“Saya memohon maaf atas pernyataan saya yang menimbulkan kesalahpahaman. Perlu saya tegaskan, zakat adalah fardhu ‘ain dan rukun Islam yang wajib kita tunaikan,” ujar Nasaruddin di Jakarta, Sabtu (28/2/2026).
Menurut dia, pernyataan yang disampaikannya dalam forum Sarasehan 99 Ekonom Syariah tidak dimaksudkan untuk menggeser kewajiban zakat. Ia menjelaskan, yang ingin ditekankan adalah perlunya reorientasi pengelolaan dana umat agar lebih produktif dan berdampak luas terhadap penguatan ekonomi nasional.
Sarasehan 99 Ekonom Syariah: Sharia Investment Forum 2026 digelar oleh Center for Sharia Economic Development (CSED) di bawah naungan Institute for Development of Economics and Finance (INDEF). Kegiatan yang berlangsung di Menara Bank Mega, Jakarta, pada 24 Februari 2026 itu mengusung tema “Pengarusutamaan Ekonomi Syariah sebagai Pilar Baru Pertumbuhan Ekonomi Nasional”.
Dalam forum tersebut, Nasaruddin mendorong agar penguatan ekonomi syariah tidak berhenti pada pendekatan zakat semata. Selain zakat, ia menilai instrumen filantropi Islam lain seperti wakaf, infak, dan sedekah perlu dioptimalkan secara profesional dan terintegrasi.
Ia mencontohkan sejumlah negara di Timur Tengah yang dinilai berhasil mengelola wakaf sebagai motor pembangunan sosial dan ekonomi, seperti Qatar, Kuwait, dan Uni Emirat Arab. Di negara-negara tersebut, kementerian yang menangani wakaf mampu mengelola aset secara produktif sehingga memberikan dampak nyata bagi kesejahteraan umat.
“Inilah model yang ingin kita pelajari dan adaptasi untuk mempercepat kemajuan umat di Indonesia, tanpa mengurangi kewajiban zakat yang sudah jelas dalam ajaran Islam,” katanya.

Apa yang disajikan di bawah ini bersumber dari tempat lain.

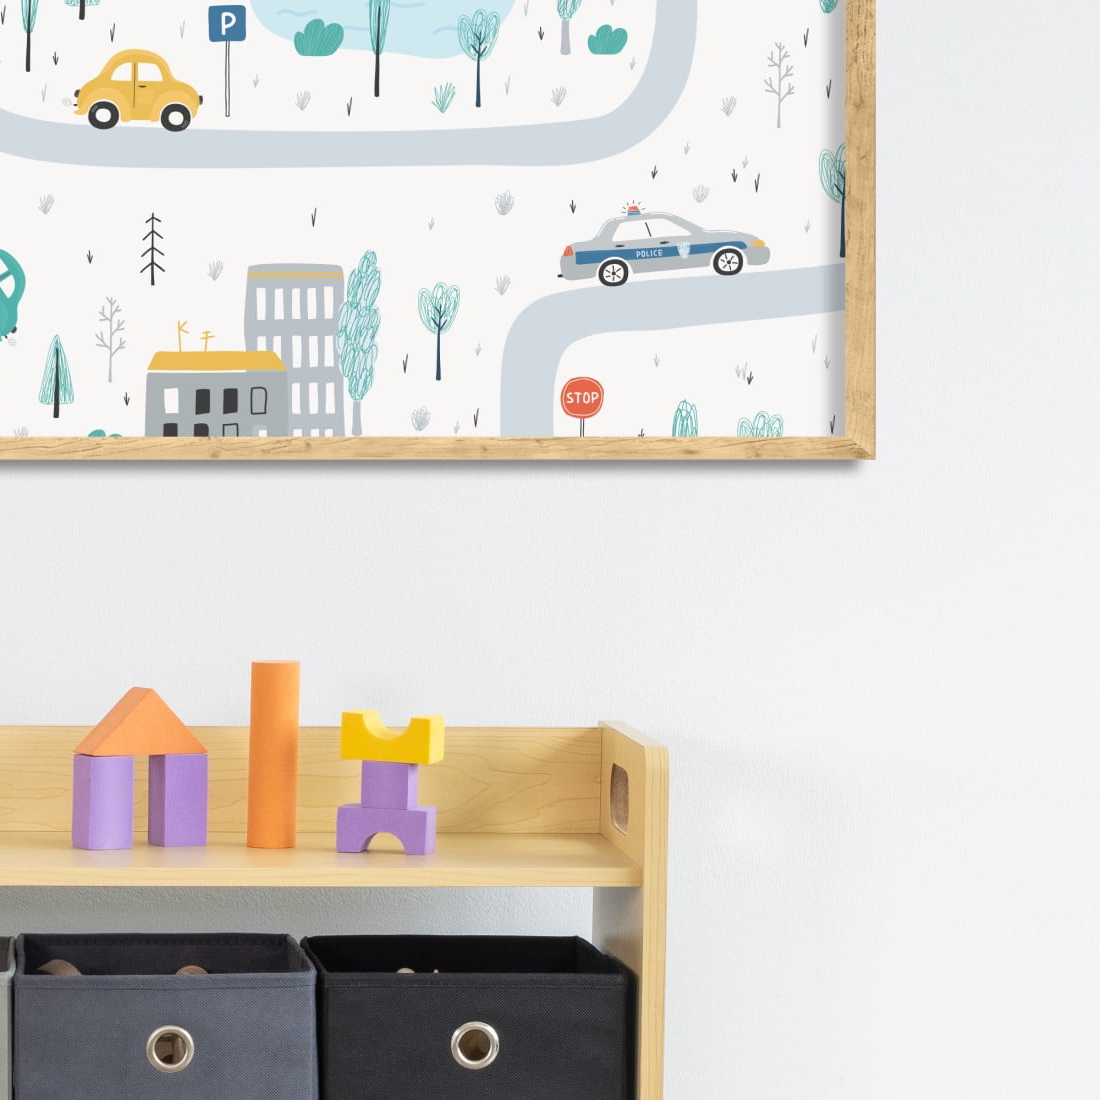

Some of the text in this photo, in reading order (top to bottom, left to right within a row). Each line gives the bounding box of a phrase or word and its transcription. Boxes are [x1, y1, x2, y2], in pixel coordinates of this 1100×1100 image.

[221, 11, 237, 36] P
[635, 249, 664, 259] POLICE
[566, 391, 599, 404] STOP

Nasaruddin berharap klarifikasi ini dapat meluruskan informasi yang beredar sekaligus memperkuat pemahaman publik mengenai pentingnya optimalisasi seluruh instrumen dana sosial keagamaan. Ia mengajak masyarakat untuk terus menunaikan zakat, sembari mendukung pengembangan wakaf dan filantropi Islam secara produktif dan berkelanjutan demi memperkokoh fondasi ekonomi syariah nasional. (ihd)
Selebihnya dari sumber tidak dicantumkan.